* _Task instructions_: Starting at the top line and ending at the bottom one, repeat the entries exactly and drop every picture.

* _The data_:
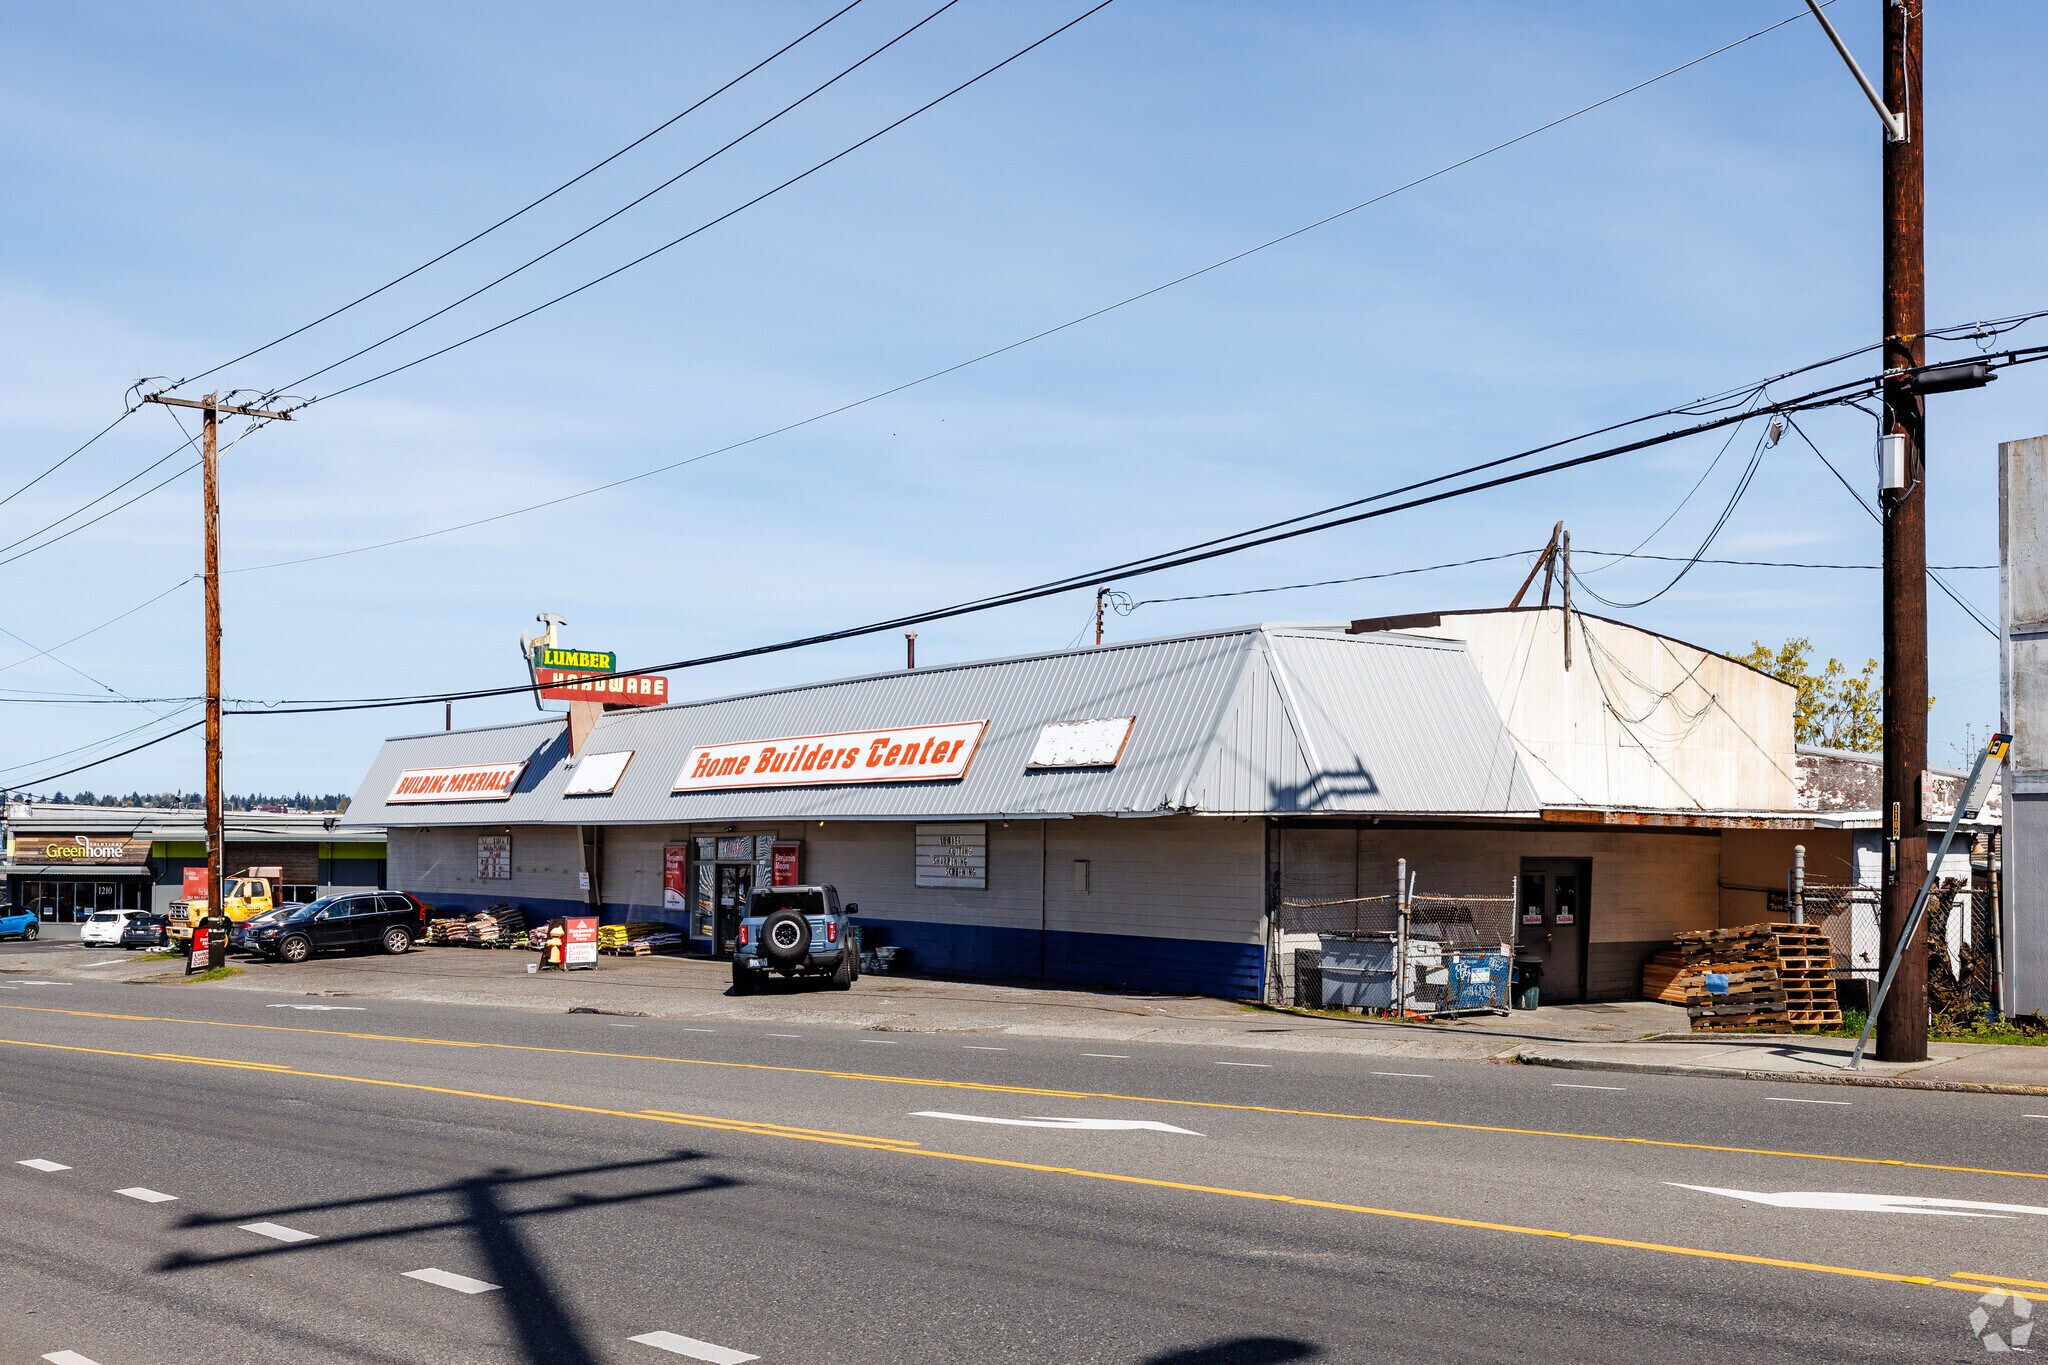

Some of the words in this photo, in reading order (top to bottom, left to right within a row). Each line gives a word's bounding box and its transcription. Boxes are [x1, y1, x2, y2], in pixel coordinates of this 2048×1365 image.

[543, 650, 611, 669] LUMBER
[552, 672, 665, 696] HARDWARE
[690, 751, 751, 779] Home
[753, 743, 861, 774] Builders
[865, 736, 966, 768] Center
[395, 774, 450, 795] BUILDING
[444, 770, 516, 793] MATERIALS
[775, 853, 796, 864] Benjamin
[775, 861, 790, 870] Moore
[98, 886, 113, 895] 1210
[568, 928, 595, 936] Benjamin

* _Answer below_:
Some of the words in this photo, in reading order (top to bottom, left to right within a row). Each line gives a word's bounding box and its transcription. Boxes are [x1, y1, x2, y2], in pixel coordinates of this 2048×1365 image.

[543, 650, 611, 669] LUMBER
[552, 672, 665, 696] HARDWARE
[690, 751, 751, 779] Home
[753, 743, 861, 774] Builders
[865, 736, 966, 768] Center
[395, 774, 450, 795] BUILDING
[444, 770, 516, 793] MATERIALS
[775, 853, 796, 864] Benjamin
[775, 861, 790, 870] Moore
[98, 886, 113, 895] 1210
[568, 928, 595, 936] Benjamin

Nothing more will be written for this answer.